# [Material for this exercise]

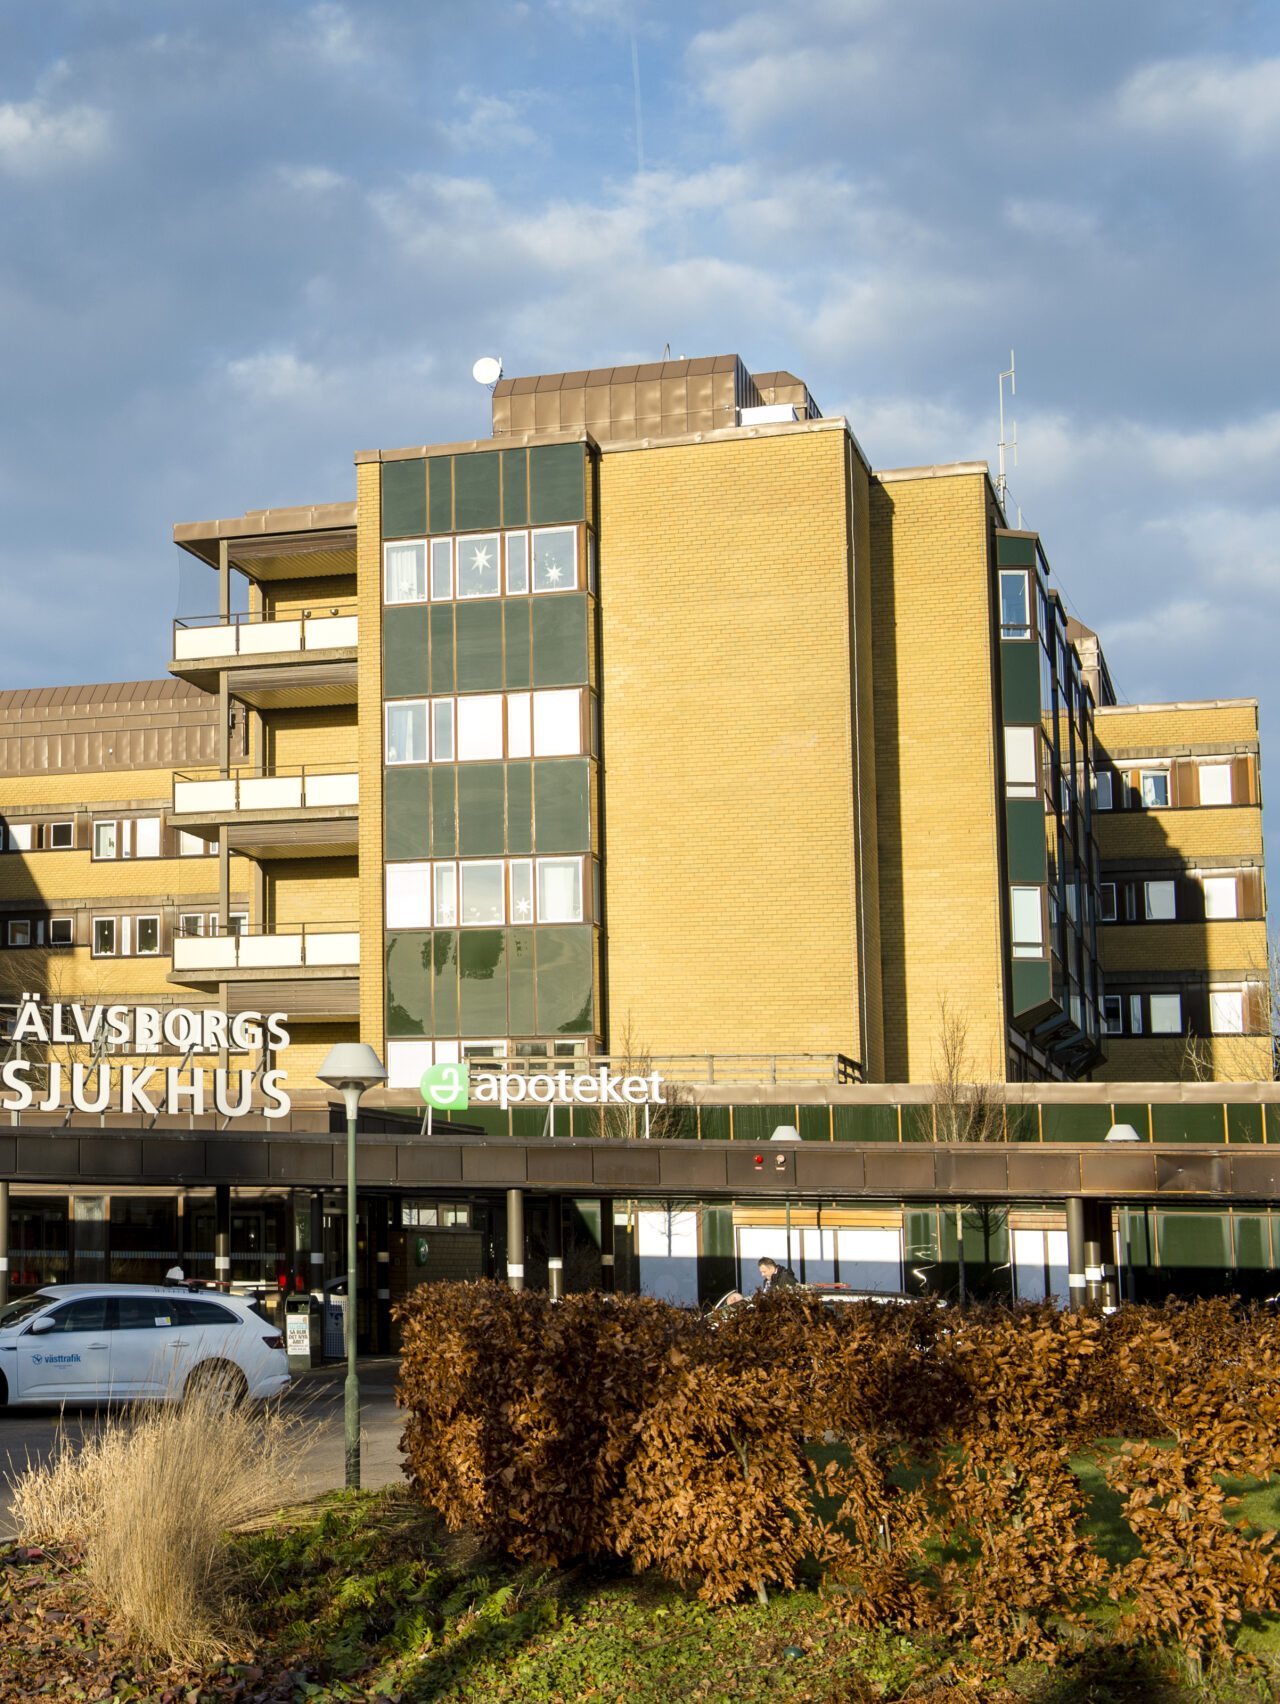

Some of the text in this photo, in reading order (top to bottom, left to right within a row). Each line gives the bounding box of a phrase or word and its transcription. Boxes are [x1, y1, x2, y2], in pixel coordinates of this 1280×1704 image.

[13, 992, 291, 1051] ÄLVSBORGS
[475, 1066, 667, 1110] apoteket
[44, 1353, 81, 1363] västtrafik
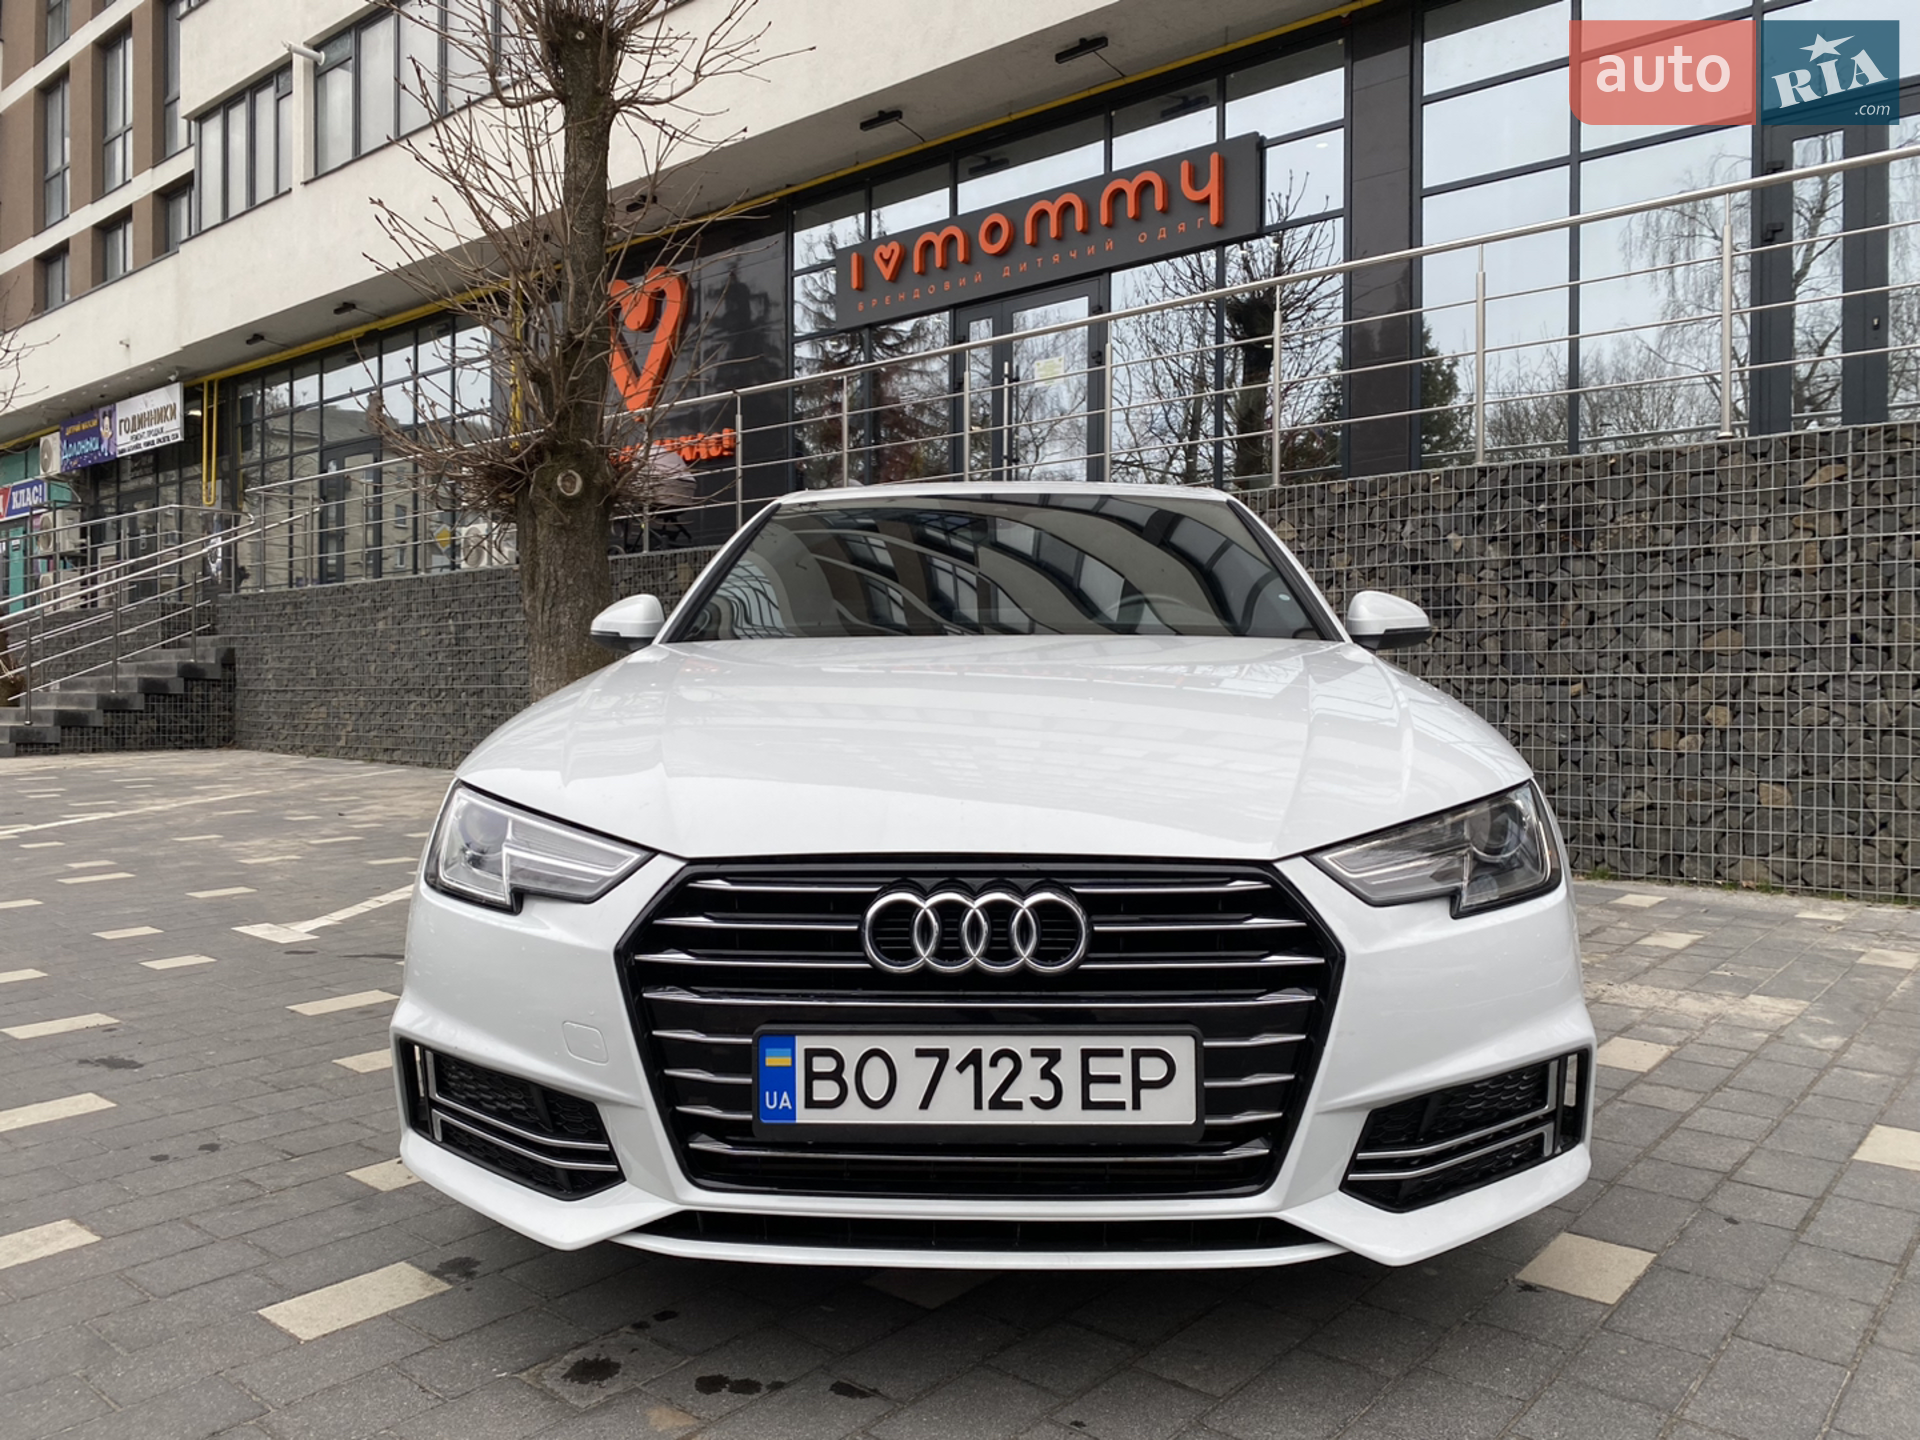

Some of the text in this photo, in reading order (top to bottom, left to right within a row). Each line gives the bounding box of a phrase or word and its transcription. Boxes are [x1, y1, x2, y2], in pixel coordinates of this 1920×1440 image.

# [Exercise]
Images are to be omitted; everything else in the records is to be transcribed exactly.

# [Your solution]
Some of the text in this photo, in reading order (top to bottom, left to right within a row). Each line gives the bounding box of a phrase or word and its transcription. Boxes are [x1, y1, x2, y2], in pixel coordinates of this 1280×1704 image.

[13, 992, 291, 1051] ÄLVSBORGS
[475, 1066, 667, 1110] apoteket
[44, 1353, 81, 1363] västtrafik

Some of the text in this photo, in reading order (top to bottom, left to right within a row). Each line gives the bounding box of a phrase or word and its transcription. Boxes are [x1, y1, x2, y2], in pixel coordinates of this 1920×1440 image.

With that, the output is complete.